Soltanto alle 0:50, sommerso di richieste di istruzioni, il Capo di Stato Maggiore dell’Esercito Roatta fece trasmettere il fonogramma

Ad atti di forza reagire con atti di forza”.

All’alba, Badoglio passò i poteri di primo ministro al ministro degli Interni e salì sul convoglio di automobili con cui il re, la famiglia reale, numerosi generali e altri dignitari lasciarono Roma diretti a Pescara e da qui, in nave, a Brindisi, dove fu insediato un nuovo governo. La “fuga di Pescara”, come passò alla storia l’episodio, divenne una delle più gravi accuse alla monarchia e al capo del governo, accusati di non aver fatto abbastanza per rimpatriare le centinaia di migliaia di soldati italiani sparsi per l’Europa e di averli lasciati senza ordini e disposizioni dopo l’annuncio dell’armistizio.

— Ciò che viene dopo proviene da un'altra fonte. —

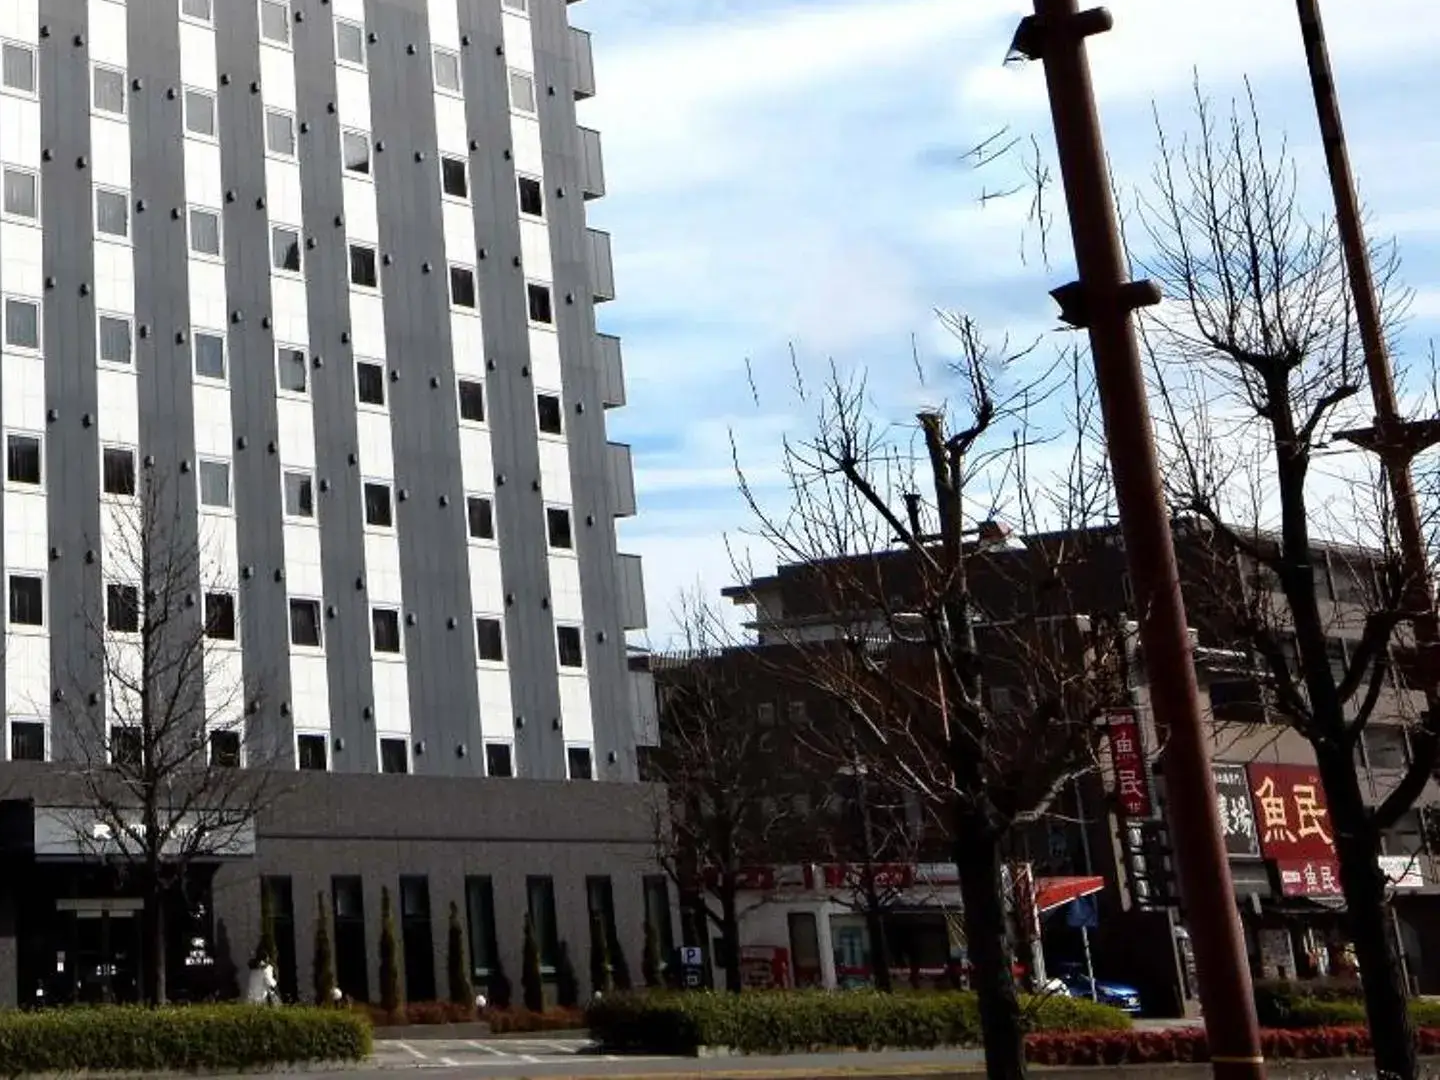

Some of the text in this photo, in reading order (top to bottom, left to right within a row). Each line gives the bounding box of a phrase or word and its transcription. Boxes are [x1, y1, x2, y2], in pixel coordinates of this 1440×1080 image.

[1255, 776, 1334, 844] 魚民
[1303, 863, 1341, 893] 魚民
[686, 949, 696, 963] P

All’8 Settembre 1943 il Regio Esercito aveva schierate 12 Divisioni nell’Italia settentrionale, 8 nella zona di Roma e altre 2 in affluenza nella medesima zona, 3 Divisioni e 1 in affluenza nell’Italia meridionale, 6 Divisioni tra Sardegna e Sicilia, aliquote di forze nella Francia meridionale e 22 Divisioni tra i Balcani e le isole dell’Egeo, per un totale di 1.090.000 uomini dislocati in Italia e 900.000 nei Paesi occupati.

Un esercito numericamente notevole ma male equipaggiato, la cui dissoluzione si consumò nel breve volgere di tre giorni (9-11 settembre): sintomi di sbandamento, abbandono delle uniformi, allontanamenti dai reparti, generale disorientamento, caos nelle comunicazioni, il tutto dominato da un confuso senso di attesa dell’arrivo degli Alleati o di ordini del Governo. I soldati reagirono alla mancanza di ordini con il “tutti a casa”, illudendosi insieme ad altri milioni di italiani che la guerra fosse finita.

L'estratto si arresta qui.